A Quarter-Century in Orbit: Science Shaping Life on Earth and Beyond

Microgravity fundamentally alters how biomolecules assemble, allowing proteins to form larger, more ordered crystals than on Earth. This advantage has propelled investigations like the NanoRacks‑PCG Therapeutic Discovery project, delivering crystal structures that guide precision oncology drugs for leukemia, breast, and skin cancers. By revealing atomic‑level details previously obscured, space‑based crystallography shortens development cycles for biotech firms and creates new revenue streams for commercial partners seeking faster, more accurate drug pipelines.

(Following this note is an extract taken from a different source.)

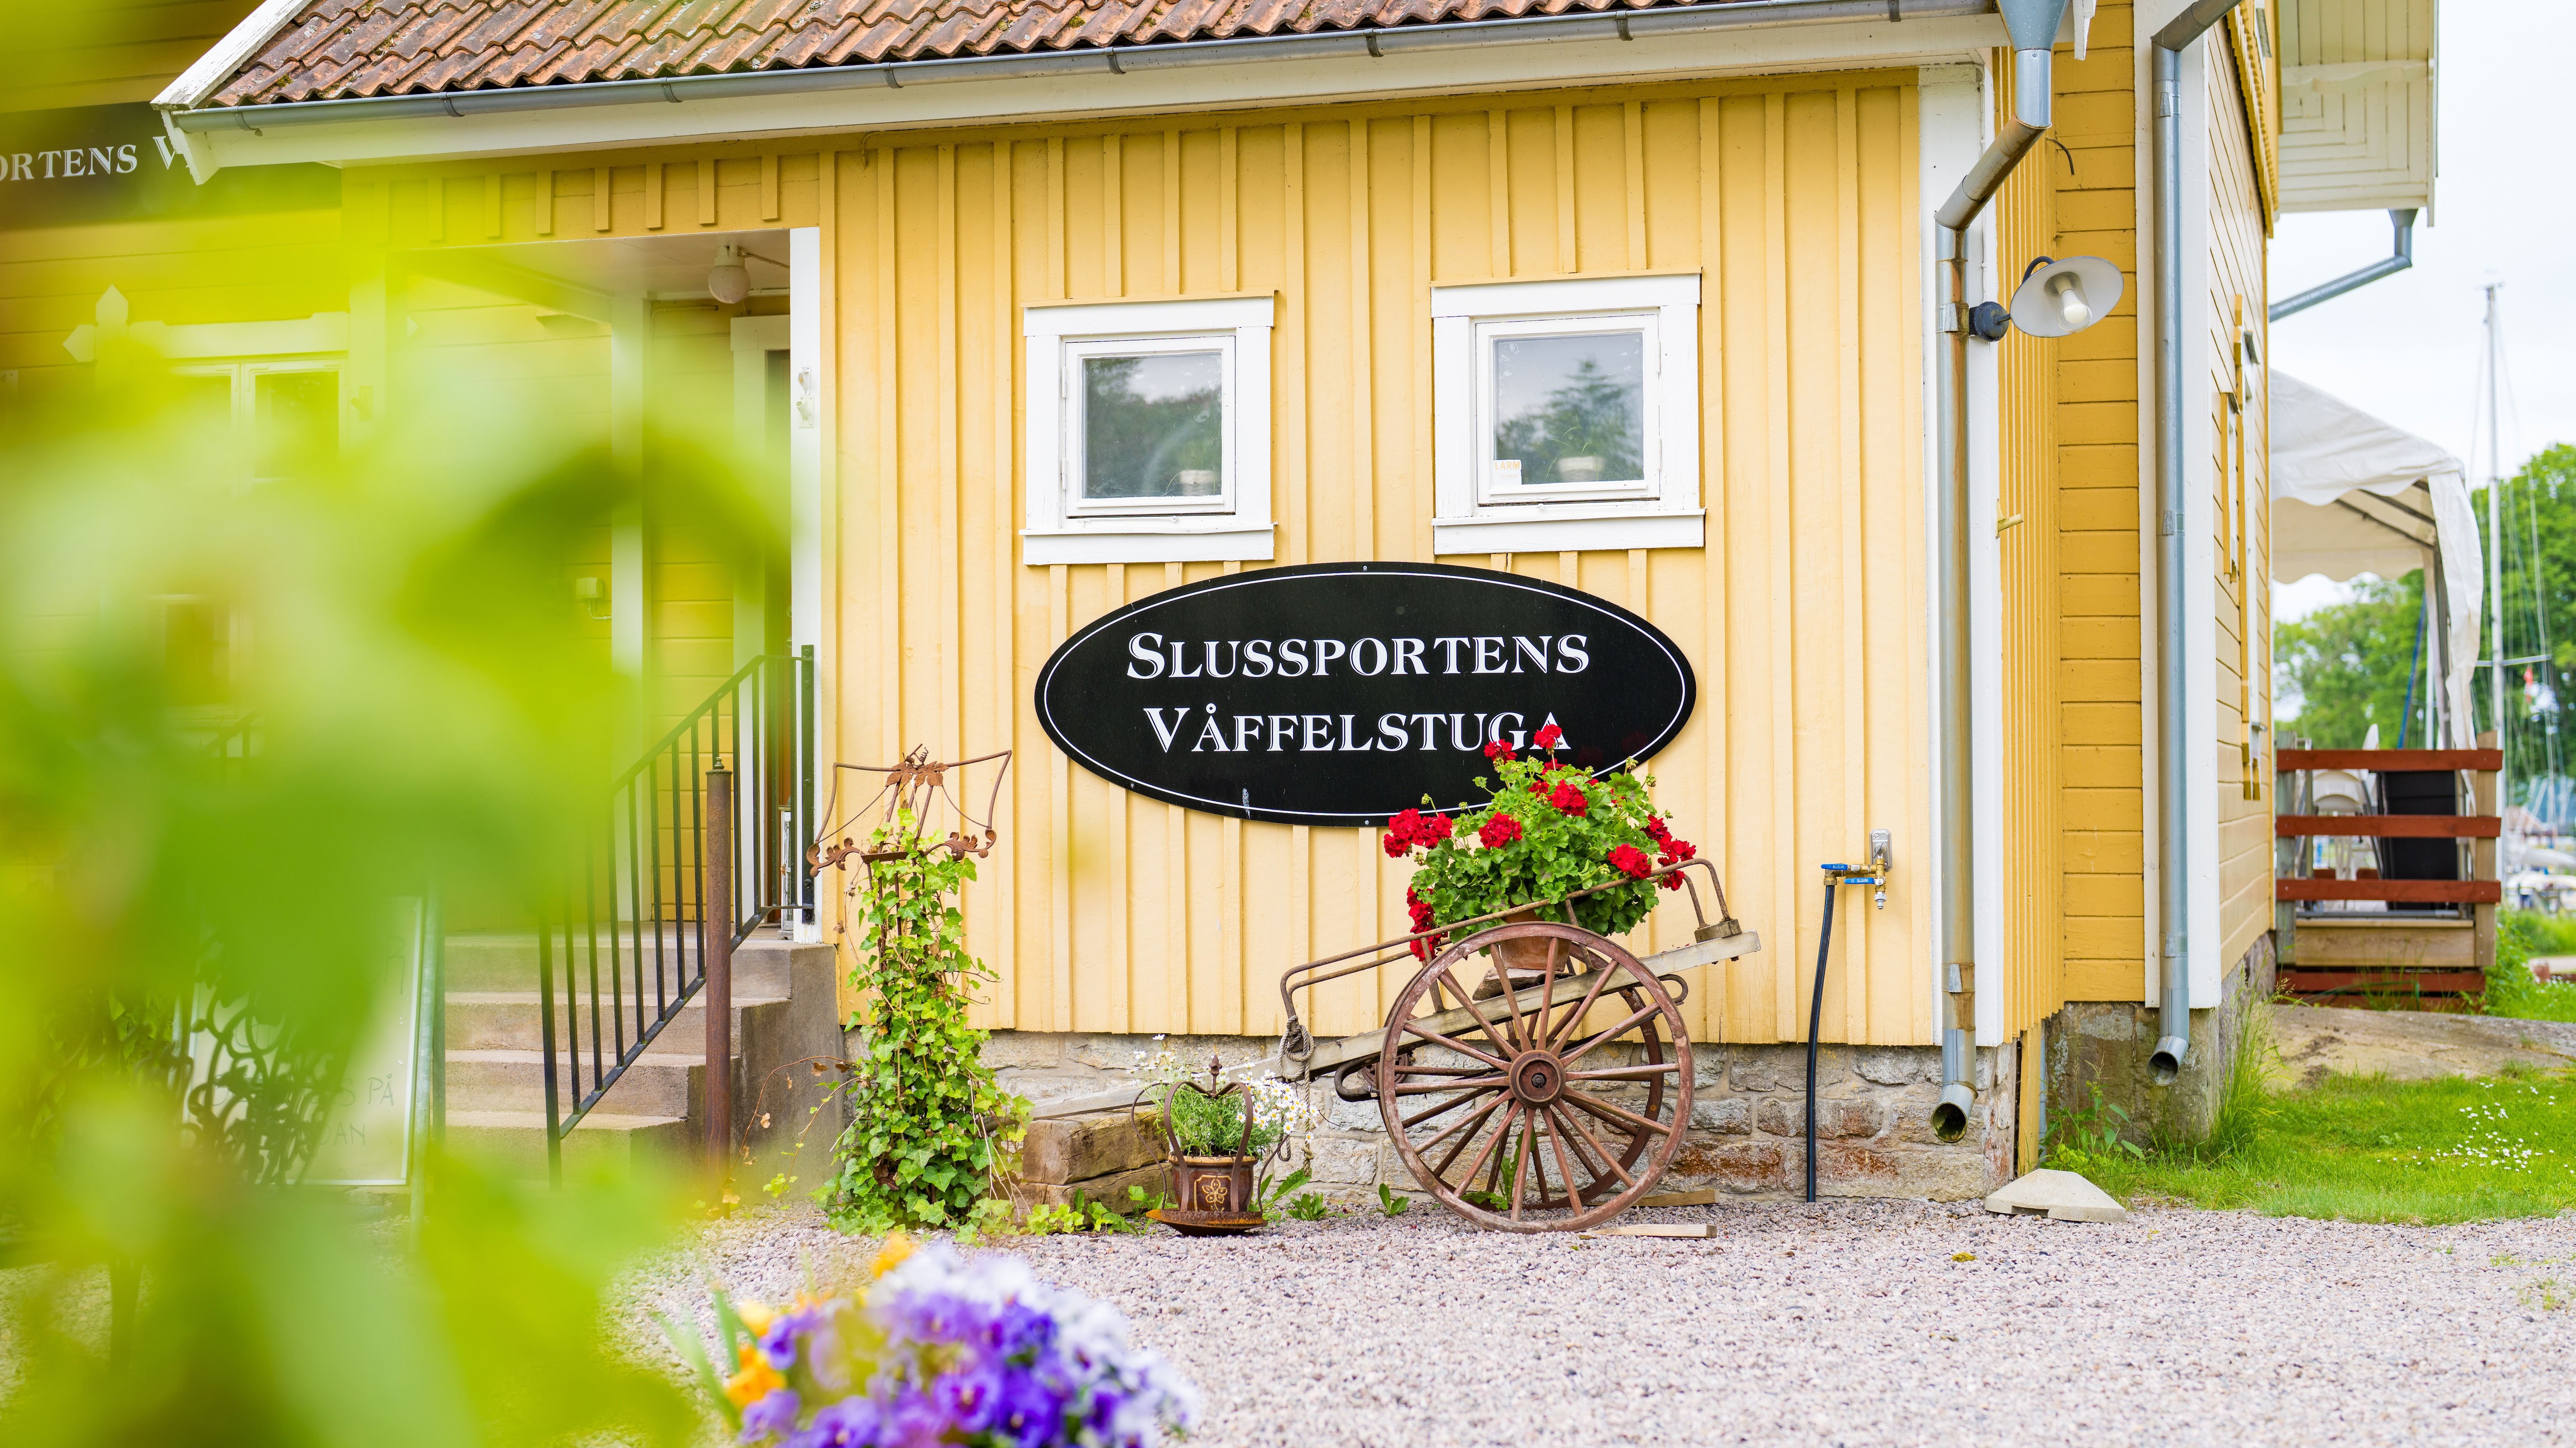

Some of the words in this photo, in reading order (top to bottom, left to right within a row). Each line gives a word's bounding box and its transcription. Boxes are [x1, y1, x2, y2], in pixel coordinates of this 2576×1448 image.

Parallel to biomedical gains, the ISS’s Veggie and Advanced Plant Habitat modules have turned the station into a testbed for controlled‑environment agriculture. Researchers have cultivated lettuce, kale, radishes, and even flowering plants using hydroponic and aeroponic techniques, generating data on nutrient delivery, water recycling, and microbial dynamics in microgravity. These insights translate directly to vertical‑farm designs and off‑grid food production on Earth, enhancing resilience against climate stress while informing the engineering of lunar and Martian greenhouses essential for crew self‑sufficiency.

Human health research aboard the station completes the triad of impact. The Twins Study exposed lasting shifts in gene expression, telomere length, and immune function, providing a molecular blueprint for countermeasures against radiation and isolation. Coupled with Kate Rubins’ pioneering in‑flight DNA sequencing, the ISS now supports real‑time diagnostics that benefit remote medical teams on Earth. Analog programs such as CHAPEA extend these findings, testing behavioral and physiological safeguards in simulated Mars habitats, thereby de‑risking future Artemis and Mars missions while feeding back innovations to terrestrial healthcare and occupational health fields.